ACTIVITY:
Full transcription, minus images: write out the listing below exactly as it appears.

INFORMATION PROVIDED:
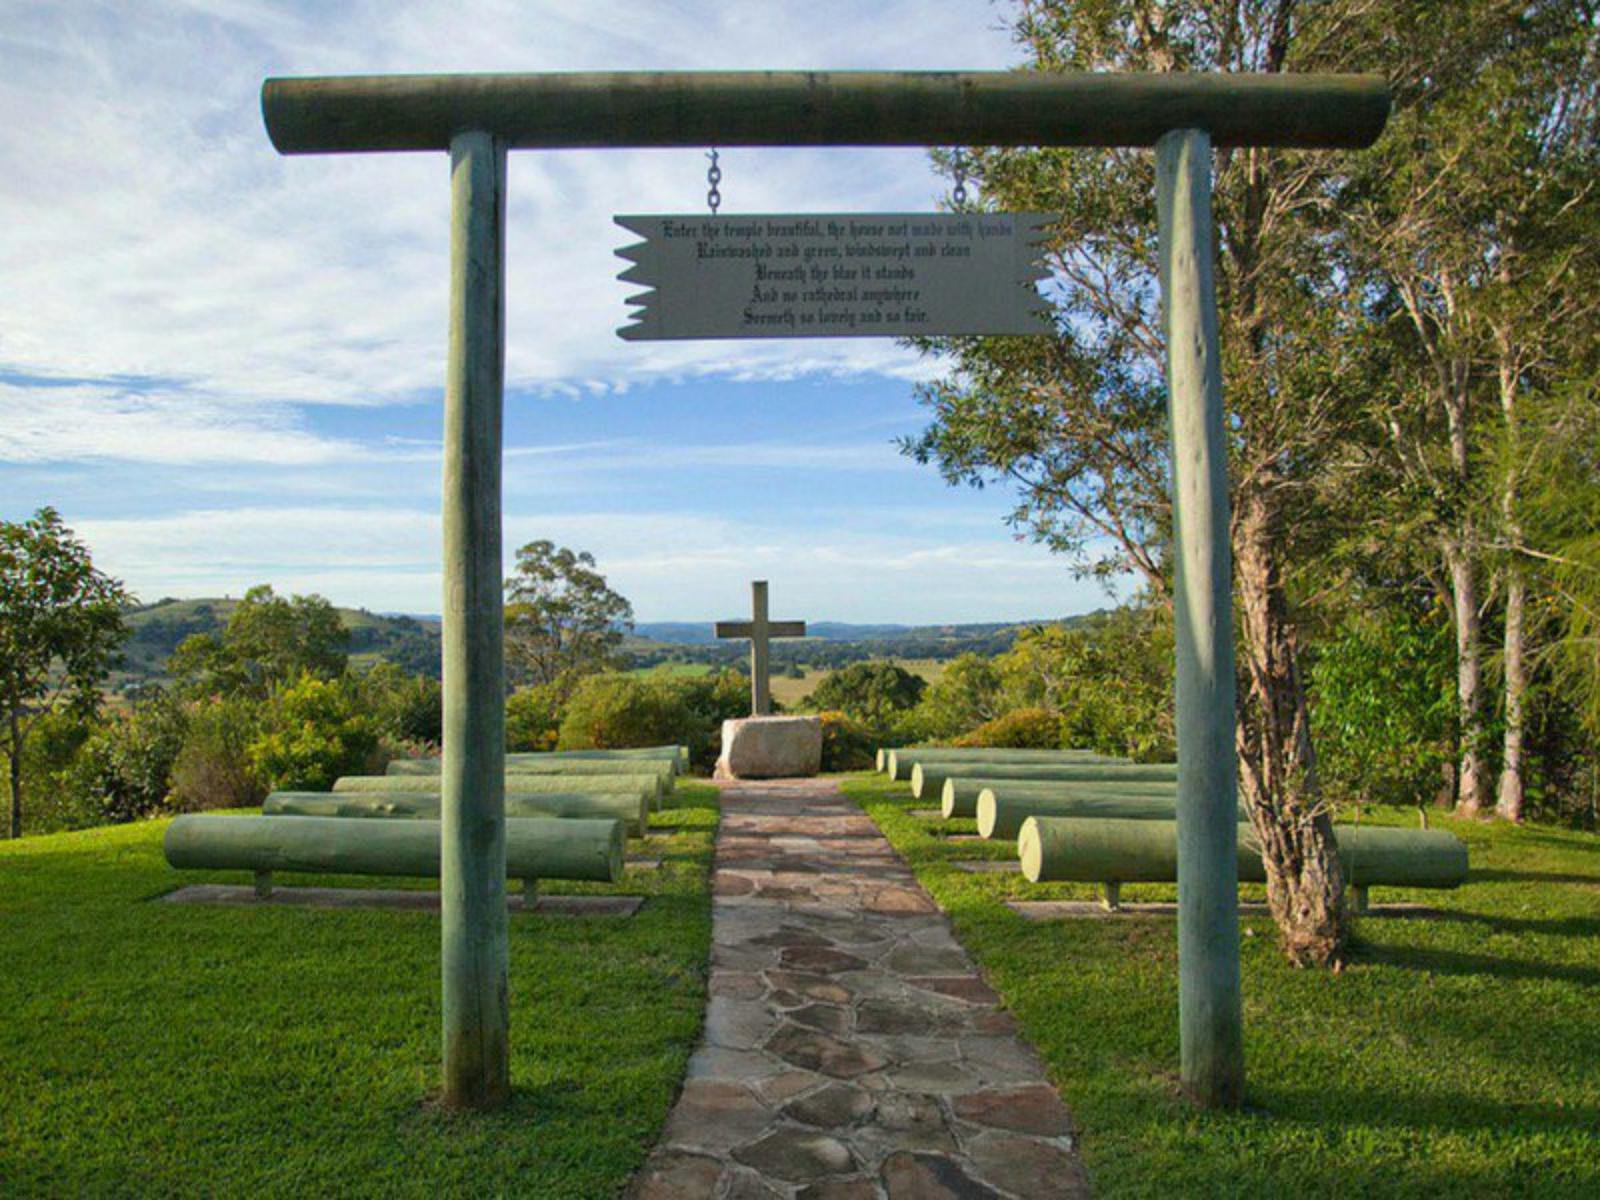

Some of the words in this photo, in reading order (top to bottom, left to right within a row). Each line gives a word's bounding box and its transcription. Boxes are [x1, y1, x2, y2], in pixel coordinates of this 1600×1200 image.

[661, 220, 697, 238] Enter
[702, 221, 720, 240] the
[724, 222, 763, 240] temple
[828, 221, 845, 239] the
[849, 220, 884, 239] house
[888, 222, 908, 237] not
[911, 223, 943, 237] made
[947, 222, 973, 239] with
[776, 243, 799, 258] and
[845, 242, 910, 260] windswept
[914, 243, 936, 257] and
[941, 243, 970, 257] clean
[755, 263, 806, 283] Beneath
[811, 265, 828, 283] the
[832, 265, 857, 280] blue
[862, 265, 871, 280] it
[875, 265, 915, 280] stands
[751, 285, 778, 304] And
[783, 292, 798, 302] no
[802, 287, 857, 305] cathedral
[862, 286, 920, 305] anywhere
[743, 308, 794, 327] Seemeth
[799, 313, 814, 324] so
[819, 308, 856, 327] lovely
[860, 309, 882, 323] and
[886, 311, 900, 323] so

PROBLEM SOLUTION:
Some of the words in this photo, in reading order (top to bottom, left to right within a row). Each line gives a word's bounding box and its transcription. Boxes are [x1, y1, x2, y2], in pixel coordinates of this 1600×1200 image.

[661, 220, 697, 238] Enter
[702, 221, 720, 240] the
[724, 222, 763, 240] temple
[828, 221, 845, 239] the
[849, 220, 884, 239] house
[888, 222, 908, 237] not
[911, 223, 943, 237] made
[947, 222, 973, 239] with
[776, 243, 799, 258] and
[845, 242, 910, 260] windswept
[914, 243, 936, 257] and
[941, 243, 970, 257] clean
[755, 263, 806, 283] Beneath
[811, 265, 828, 283] the
[832, 265, 857, 280] blue
[862, 265, 871, 280] it
[875, 265, 915, 280] stands
[751, 285, 778, 304] And
[783, 292, 798, 302] no
[802, 287, 857, 305] cathedral
[862, 286, 920, 305] anywhere
[743, 308, 794, 327] Seemeth
[799, 313, 814, 324] so
[819, 308, 856, 327] lovely
[860, 309, 882, 323] and
[886, 311, 900, 323] so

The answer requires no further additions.